En Guatemala
hace ya años que se firmó la paz entre Gobierno y movimiento guerrillero. Pero
lejos está todavía de poder decirse que el proceso iniciado en ese entonces haya
dado los frutos que se esperaba. Más aún: la situación actual nos confronta con
un empeoramiento, un retroceso en las causas estructurales que dieron lugar a
la guerra civil en la década del '60 del pasado siglo. La guerra hoy día
formalmente terminó, pero la violencia sigue presente y se evidencia de otras
maneras, tan o más crueles que en los peores años del enfrentamiento armado.
La post
guerra que vivimos actualmente está marcada por una suma compleja de problemas,
donde la violación a los derechos humanos sigue siendo una constante, si bien
no con la intensidad de años atrás, pero con efectos sociales igualmente
dañinos. Una herencia trágica –entre otras– de 36 años de conflicto armado está
dada por la recurrencia de linchamientos.
Este fenómeno
debe abordarse desde una perspectiva multicausal. Participan en él aspectos de
diversas naturalezas: sociales, psicológicos, culturales. De hecho no son algo
nuevo en la historia; se los conoce desde tiempos inmemoriales. Por supuesto,
no son un patrimonio de la “violencia guatemalteca”. Actualmente deben su
nombre al juez estadounidense Charles Lynch, quien organizó a contemporáneos
suyos para actuar como ley local en un juicio sumario contra unos conspiradores
pro-británicos hacia el año 1780.
A partir de este hecho relativamente reciente se derivó el verbo linchar, y el sustantivo linchamiento,
hoy ya universalmente aceptados.
Lo
significativo en Guatemala es no sólo la crueldad de estos actos (con sus
características muy propias: es costumbre quemar a la persona linchada), sino
su sintomática recurrencia: desde el momento del inicio del proceso de paz
hasta la fecha nunca desparecieron. Se dan en las comunidades rurales que
fueron escenario del enfrentamiento armado, donde existieron redes de contrainsurgencia
paramilitar que nunca se desmantelaron totalmente (y donde muchas veces no hay
gasolineras, pero donde nunca falta gasolina para quemar al linchado), así como
en áreas urbanas. Incluso –este es un dato que no puede minimizarse– hasta se
dio uno, con saldo mortal para uno de los delincuentes linchados (fueron tres)

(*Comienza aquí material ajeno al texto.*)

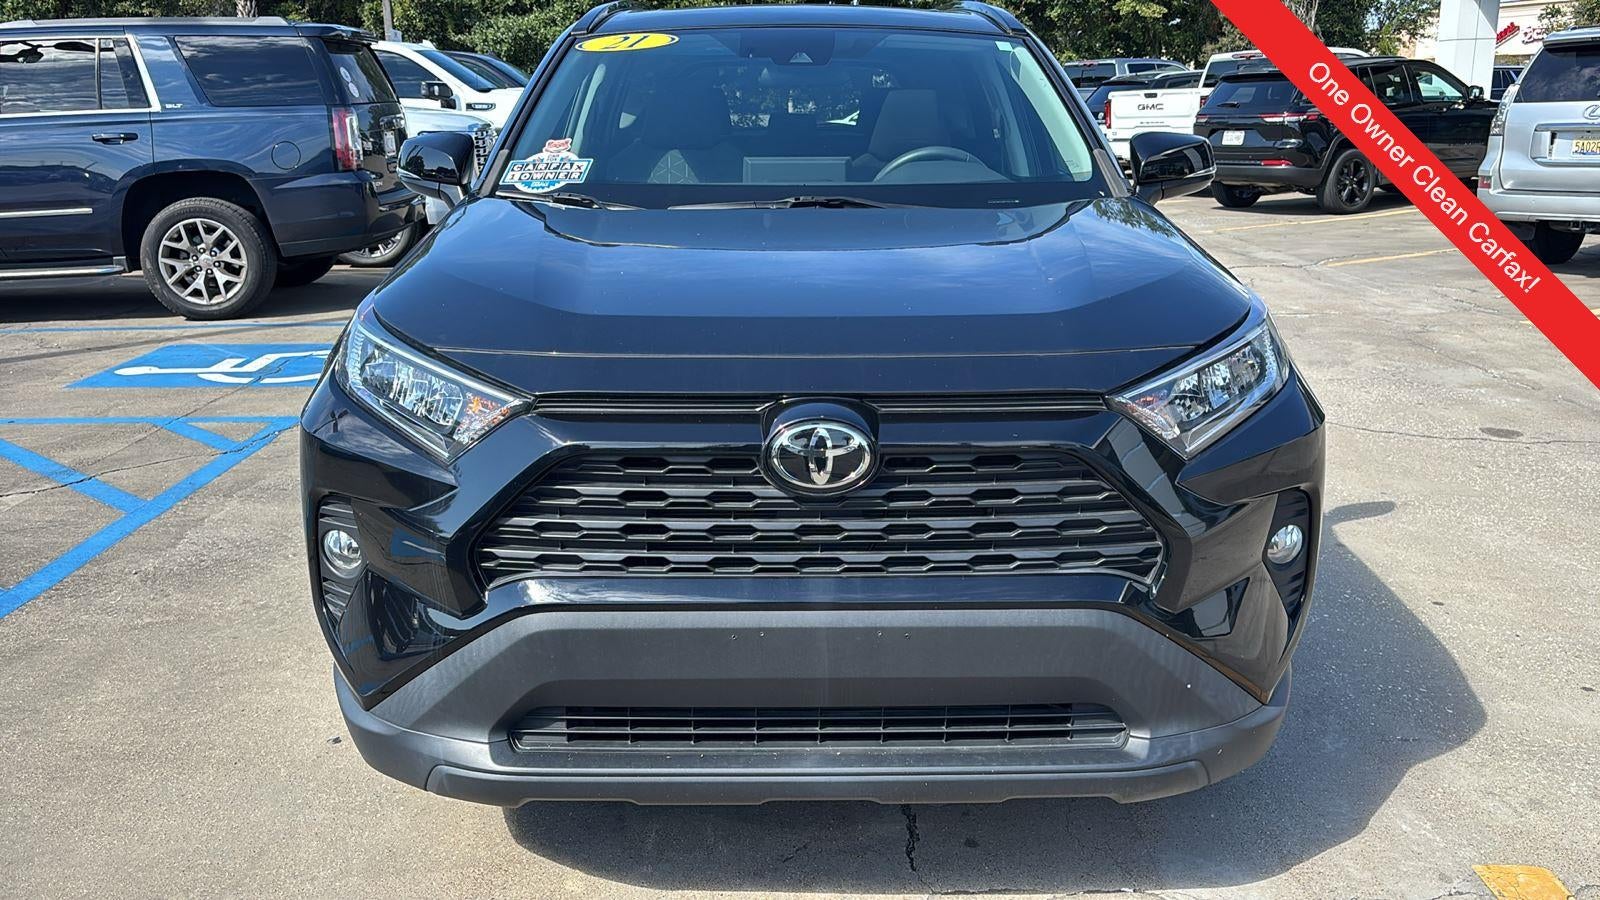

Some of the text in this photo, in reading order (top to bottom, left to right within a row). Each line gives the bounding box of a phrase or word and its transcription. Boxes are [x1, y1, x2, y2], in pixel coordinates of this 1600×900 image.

[599, 35, 649, 49] 21
[511, 162, 584, 172] CARFAX
[520, 172, 581, 180] OWNER
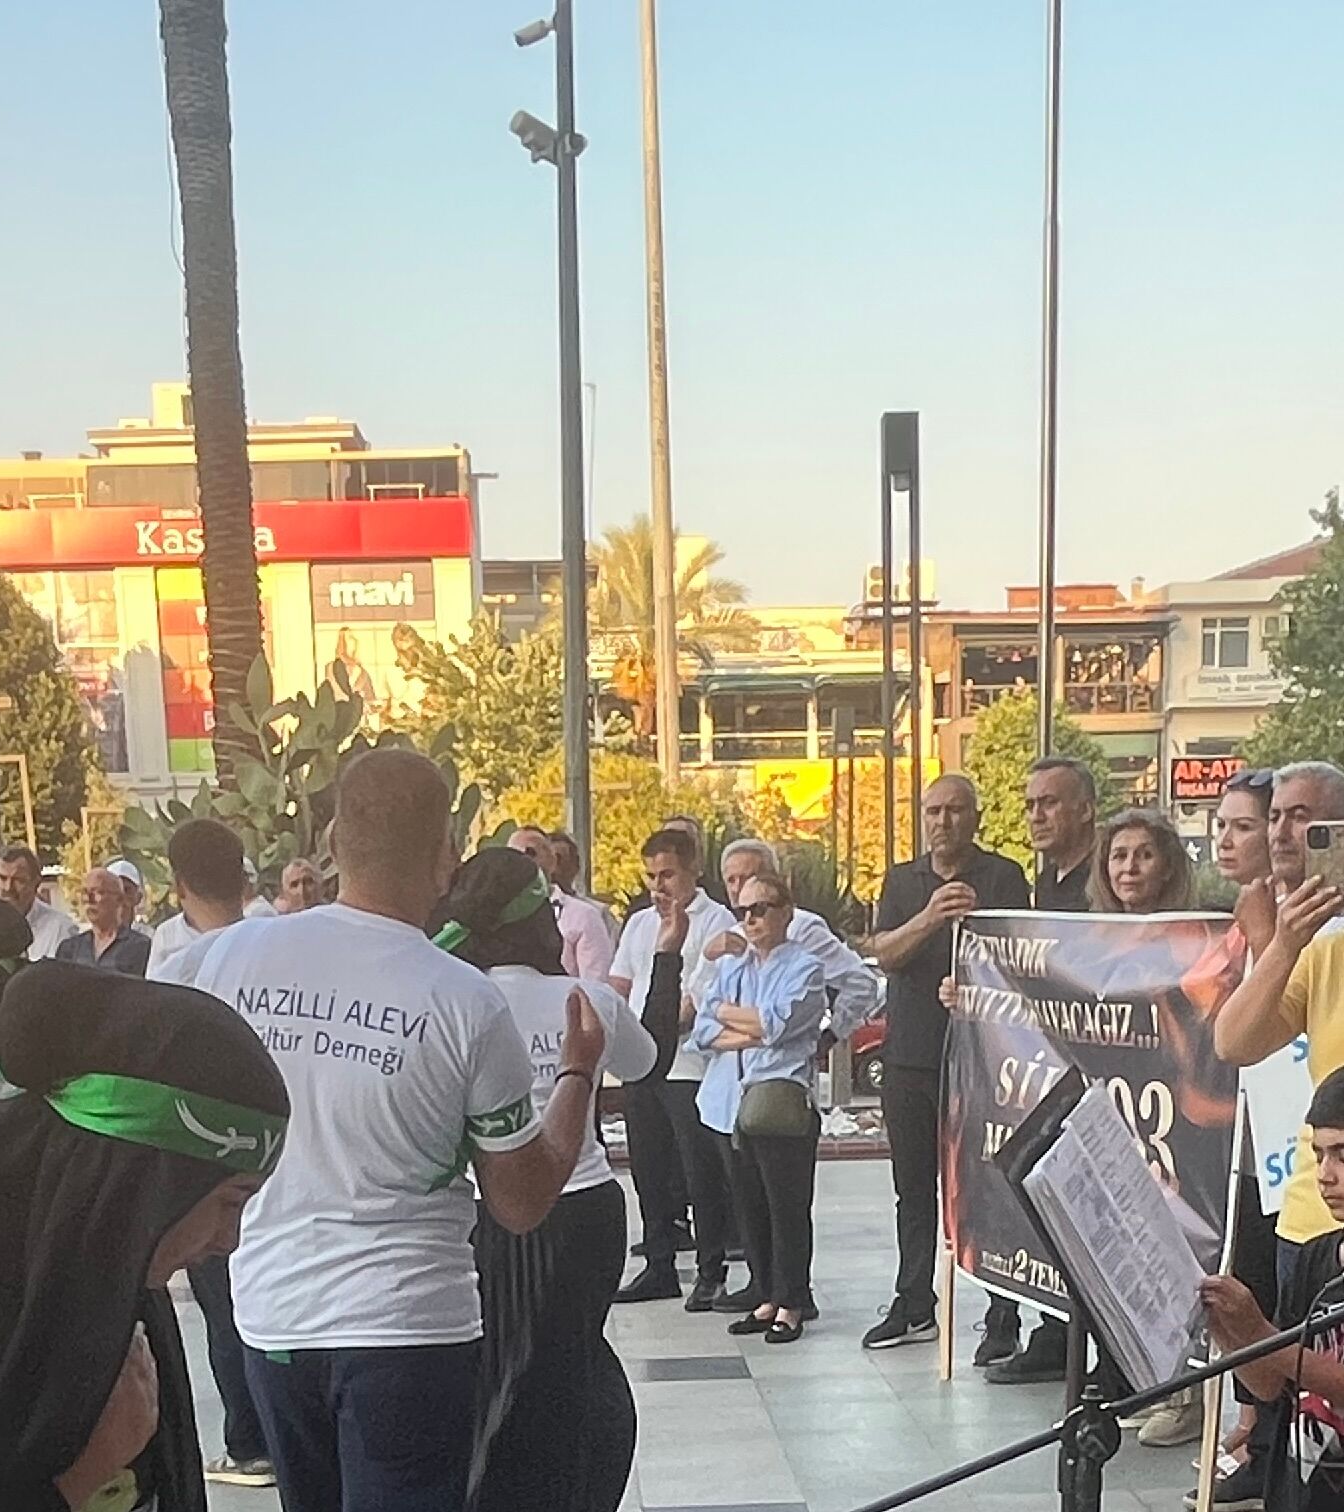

¡en el estacionamiento de una universidad católica de la ciudad capital, siendo
sus estudiantes ¿católicos? quienes lo llevaron a cabo!
Quienes continúan poniendo los muertos siguen siendo los mismos que
sufrieron lo peor de la represión en años pasados, y quienes históricamente han
estado alejados de los beneficios de un desarrollo equitativo que hace de
Guatemala un país de enormes contrastes: los indígenas de origen maya, por
siempre pobres, o los pobres urbanos, en muchos casos de ascendencia maya,
siempre excluidos (de esos sectores urbanos marginados surgen los ladrones que
pululan por toda la sociedad, y que pueden robar un teléfono celular, una
billetera, una cadenita de oro; nunca se lincha a un funcionario que roba parte
del presupuesto, por ejemplo, o un personaje ligado al gran crimen organizado,
todos los cuales no vienen de esos sectores marginados y empobrecidos. Y jamás
–¡esto es impensable!– se lincharía a un empresario o a un patrón de finca, por
más explotadores que sean). De hecho, como símbolo de lo grotescamente patético
del asunto, valga decir que vez pasada se linchó a un par de jóvenes en el departamento
de Quiché que habían robado… ¡unas zanahorias en un mercado!
De
ninguna manera se debe buscar en la
historia prehispánica o colonial el origen de los linchamientos. En todo caso
sus causas se ligan al contexto particular que vive Guatemala hoy; contexto
que, definitivamente, es consecuencia de siglos de historia conflictiva y
violenta. Con esto se desvirtúa la opinión –profundamente
racista– que los linchamientos son “prácticas de indios” (no debe
olvidarse que la población indígena-maya del país es de alrededor del 60%, y la
ideología racista dominante ve en ellos un factor de 'atraso' y 'pobreza'). Los
linchamientos responden, en todo caso, a un horizonte histórico-social de
violencia (de más de cinco siglos, reforzados por una guerra interna de casi
cuatro décadas) que ha creado una cultura
de violencia, en tanto dimensión de aceptación normal de fenómenos a
todas luces violatorios de una coexistencia pacífica. Cultura de violencia que
se refleja en un sinnúmero de conductas sociales no cuestionadas, como la
aceptación generalizada del uso de armas de fuego, la resolución violenta de
los pleitos, la aceptación –tanto por el Estado como por la sociedad civil– de
la pena de muerte, la discriminación histórica de la población maya, una
dinámica cotidiana de verticalismo y machismo, corrupción e impunidad a niveles
escandalosos. Todo lo cual puede dar como resultado que entre un tercio de la
población a nivel nacional haya total conformidad para con los linchamientos
como una práctica correcta de “ejercicio de la justicia”.
Como en todo
complejo fenómeno social, no hay “buenos” contra “malos”. Las cosas son
infinitamente más enrevesadas, más complicadas. En todo caso, los
linchamientos están originados en una sumatoria multifacética de causas:
·
Cultura de violencia vivida por años y
asumida ahora como normal
·
Inseguridad pública: violación de los derechos
humanos e impunidad
·
Muy bajo impacto del sistema formal de
justicia y descrédito de la justicia consuetudinaria maya
·
Ruptura del tejido social, producto de
las estrategias contrainsurgentes de la pasada guerra
·
Manipulación política de las poblaciones
descontentas
·
Mantenimiento de la ingobernabilidad
·
Pobreza extrema, que redimensiona el
valor de los bienes robados (¿linchar por un par de zanahorias?)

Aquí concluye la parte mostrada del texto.